INSTRUCTIONS FOR THE TASK => Each entry should be copied as it stands, leaving the pictures behind.
____________________
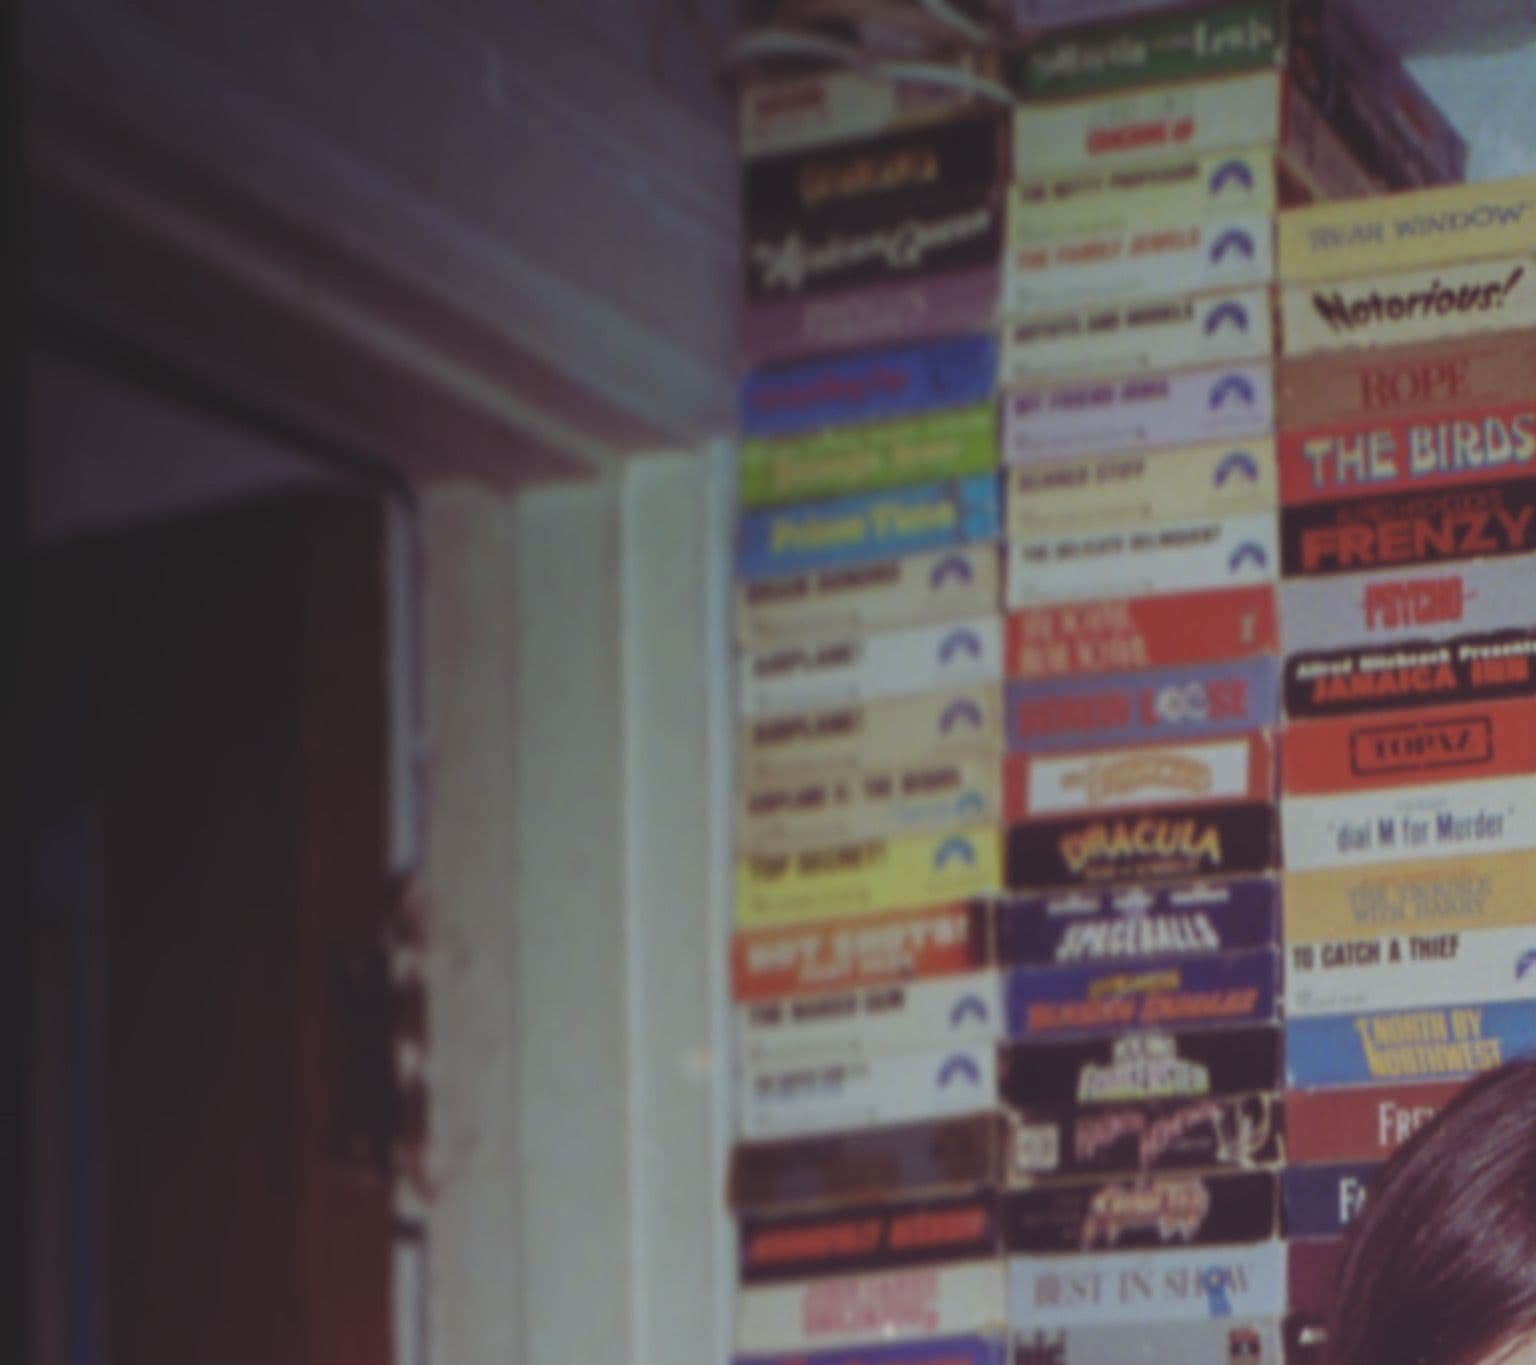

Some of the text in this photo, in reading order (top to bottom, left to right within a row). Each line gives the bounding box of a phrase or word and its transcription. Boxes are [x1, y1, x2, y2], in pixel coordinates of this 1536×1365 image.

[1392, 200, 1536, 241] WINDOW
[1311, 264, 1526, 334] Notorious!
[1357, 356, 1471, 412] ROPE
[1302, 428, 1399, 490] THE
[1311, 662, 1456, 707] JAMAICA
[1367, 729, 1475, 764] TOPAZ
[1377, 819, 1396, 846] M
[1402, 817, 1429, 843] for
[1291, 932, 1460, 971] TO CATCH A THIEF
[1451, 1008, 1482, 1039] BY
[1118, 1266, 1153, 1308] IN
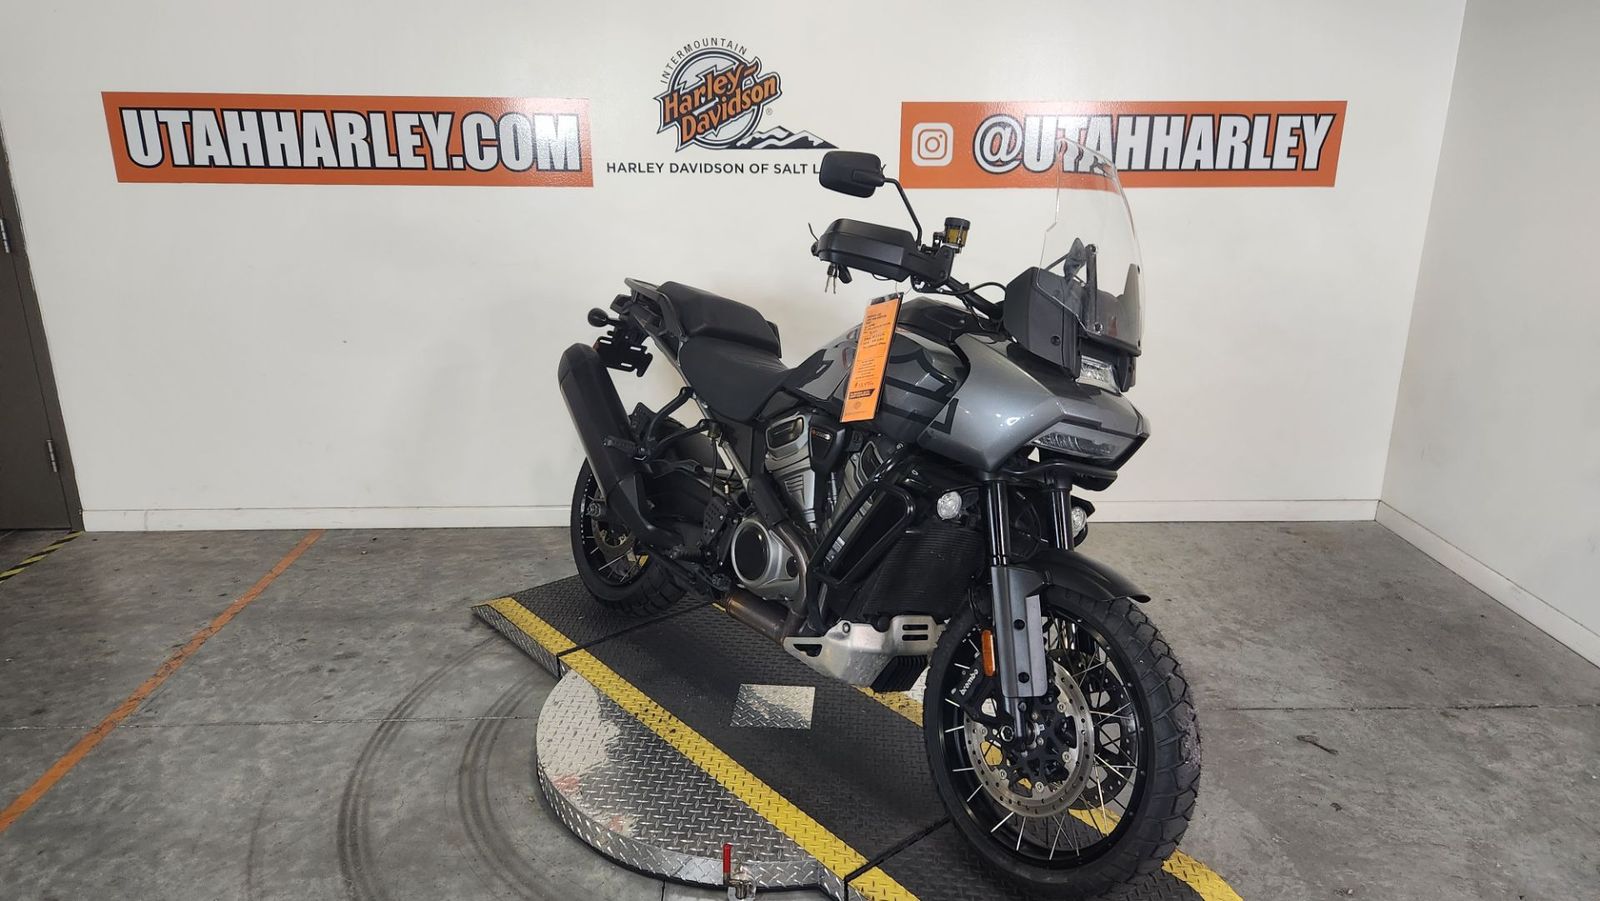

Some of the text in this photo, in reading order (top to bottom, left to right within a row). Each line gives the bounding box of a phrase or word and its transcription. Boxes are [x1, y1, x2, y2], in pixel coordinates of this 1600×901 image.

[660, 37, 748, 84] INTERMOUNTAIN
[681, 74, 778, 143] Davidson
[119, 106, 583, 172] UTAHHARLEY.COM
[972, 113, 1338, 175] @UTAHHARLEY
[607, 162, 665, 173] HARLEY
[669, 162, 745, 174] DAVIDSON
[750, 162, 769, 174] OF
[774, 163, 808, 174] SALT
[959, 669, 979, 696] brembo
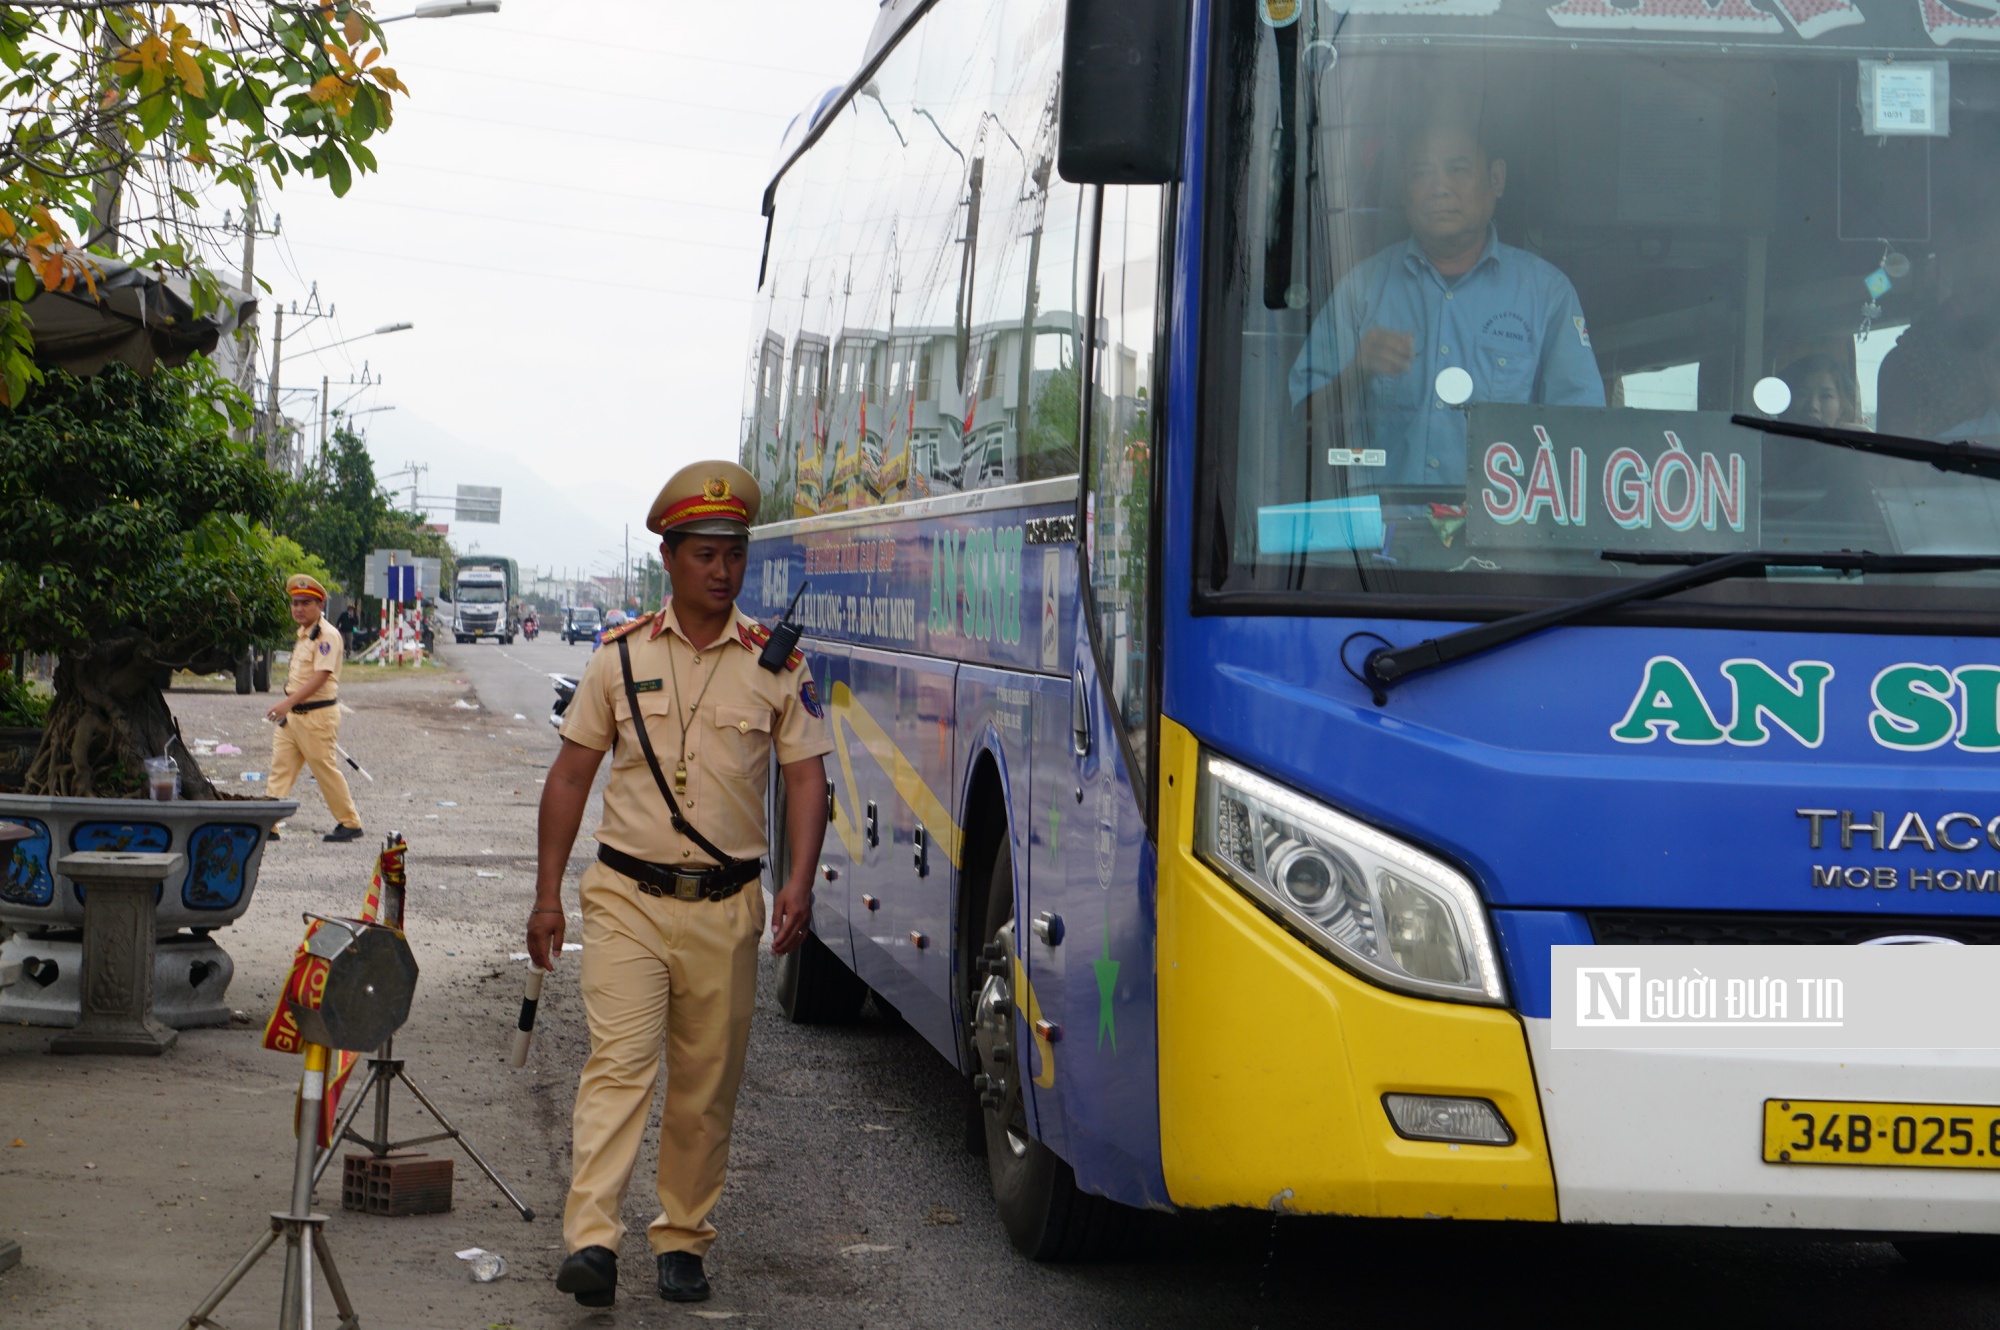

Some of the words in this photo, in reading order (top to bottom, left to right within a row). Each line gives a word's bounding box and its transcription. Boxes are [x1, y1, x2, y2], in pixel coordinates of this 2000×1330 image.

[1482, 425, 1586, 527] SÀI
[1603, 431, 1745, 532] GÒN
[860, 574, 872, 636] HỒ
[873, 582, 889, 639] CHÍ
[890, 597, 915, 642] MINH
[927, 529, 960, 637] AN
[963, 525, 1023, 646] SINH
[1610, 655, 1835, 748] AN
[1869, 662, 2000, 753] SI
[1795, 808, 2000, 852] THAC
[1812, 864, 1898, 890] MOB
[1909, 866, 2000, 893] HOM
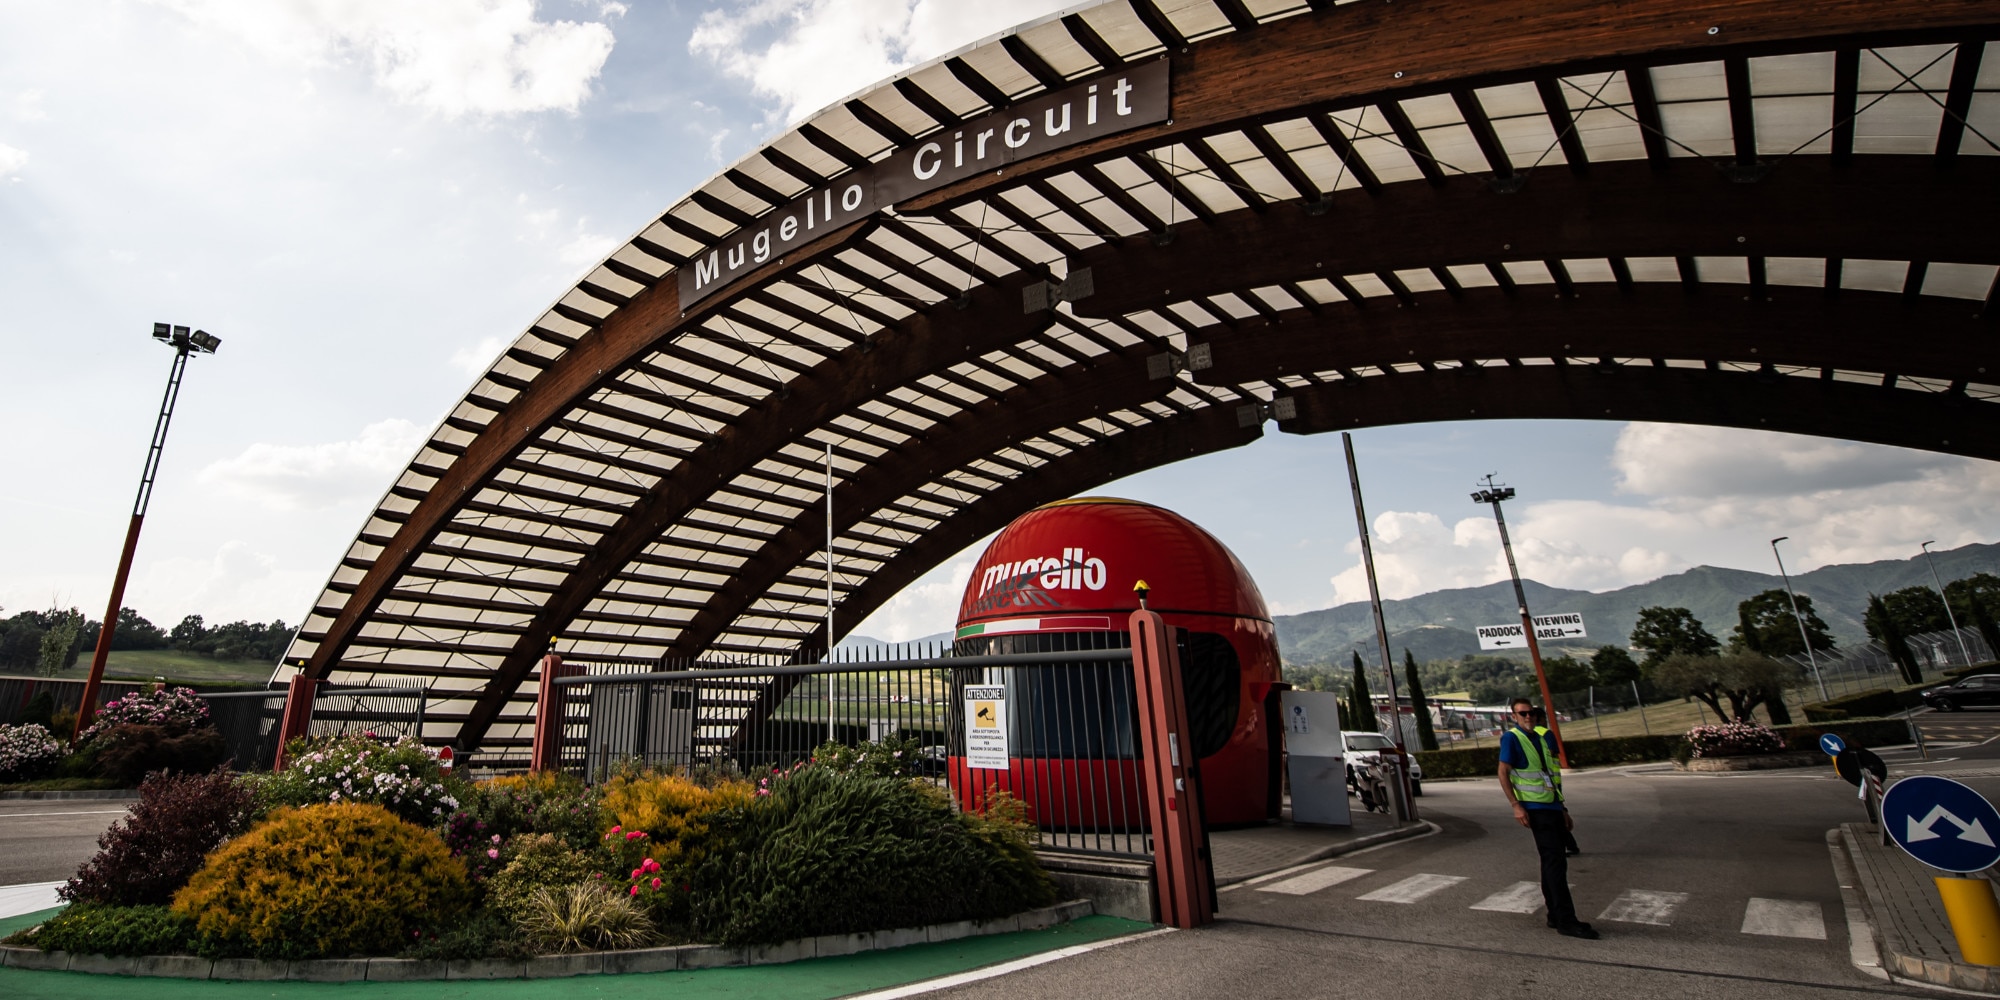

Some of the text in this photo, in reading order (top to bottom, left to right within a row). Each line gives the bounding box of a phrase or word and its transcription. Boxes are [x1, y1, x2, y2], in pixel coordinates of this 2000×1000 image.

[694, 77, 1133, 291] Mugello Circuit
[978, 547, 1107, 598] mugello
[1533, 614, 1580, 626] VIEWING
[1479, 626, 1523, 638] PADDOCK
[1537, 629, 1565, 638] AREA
____________________
ANSWER TO THIS PROBLEM =>
Some of the text in this photo, in reading order (top to bottom, left to right within a row). Each line gives the bounding box of a phrase or word and its transcription. Boxes are [x1, y1, x2, y2], in pixel coordinates of this 1536×1365 image.

[1392, 200, 1536, 241] WINDOW
[1311, 264, 1526, 334] Notorious!
[1357, 356, 1471, 412] ROPE
[1302, 428, 1399, 490] THE
[1311, 662, 1456, 707] JAMAICA
[1367, 729, 1475, 764] TOPAZ
[1377, 819, 1396, 846] M
[1402, 817, 1429, 843] for
[1291, 932, 1460, 971] TO CATCH A THIEF
[1451, 1008, 1482, 1039] BY
[1118, 1266, 1153, 1308] IN

Some of the text in this photo, in reading order (top to bottom, left to right within a row). Each line gives the bounding box of a phrase or word and its transcription. Boxes are [x1, y1, x2, y2], in pixel coordinates of this 1600×901 image.

[660, 37, 748, 84] INTERMOUNTAIN
[681, 74, 778, 143] Davidson
[119, 106, 583, 172] UTAHHARLEY.COM
[972, 113, 1338, 175] @UTAHHARLEY
[607, 162, 665, 173] HARLEY
[669, 162, 745, 174] DAVIDSON
[750, 162, 769, 174] OF
[774, 163, 808, 174] SALT
[959, 669, 979, 696] brembo

Some of the words in this photo, in reading order (top to bottom, left to right within a row). Each line gives a word's bounding box and its transcription. Boxes are [x1, y1, x2, y2], in pixel coordinates of this 2000×1330 image.

[1482, 425, 1586, 527] SÀI
[1603, 431, 1745, 532] GÒN
[860, 574, 872, 636] HỒ
[873, 582, 889, 639] CHÍ
[890, 597, 915, 642] MINH
[927, 529, 960, 637] AN
[963, 525, 1023, 646] SINH
[1610, 655, 1835, 748] AN
[1869, 662, 2000, 753] SI
[1795, 808, 2000, 852] THAC
[1812, 864, 1898, 890] MOB
[1909, 866, 2000, 893] HOM

Some of the text in this photo, in reading order (top to bottom, left to right within a row). Each line gives the bounding box of a phrase or word and its transcription. Boxes are [x1, y1, x2, y2], in pixel coordinates of this 2000×1000 image.

[694, 77, 1133, 291] Mugello Circuit
[978, 547, 1107, 598] mugello
[1533, 614, 1580, 626] VIEWING
[1479, 626, 1523, 638] PADDOCK
[1537, 629, 1565, 638] AREA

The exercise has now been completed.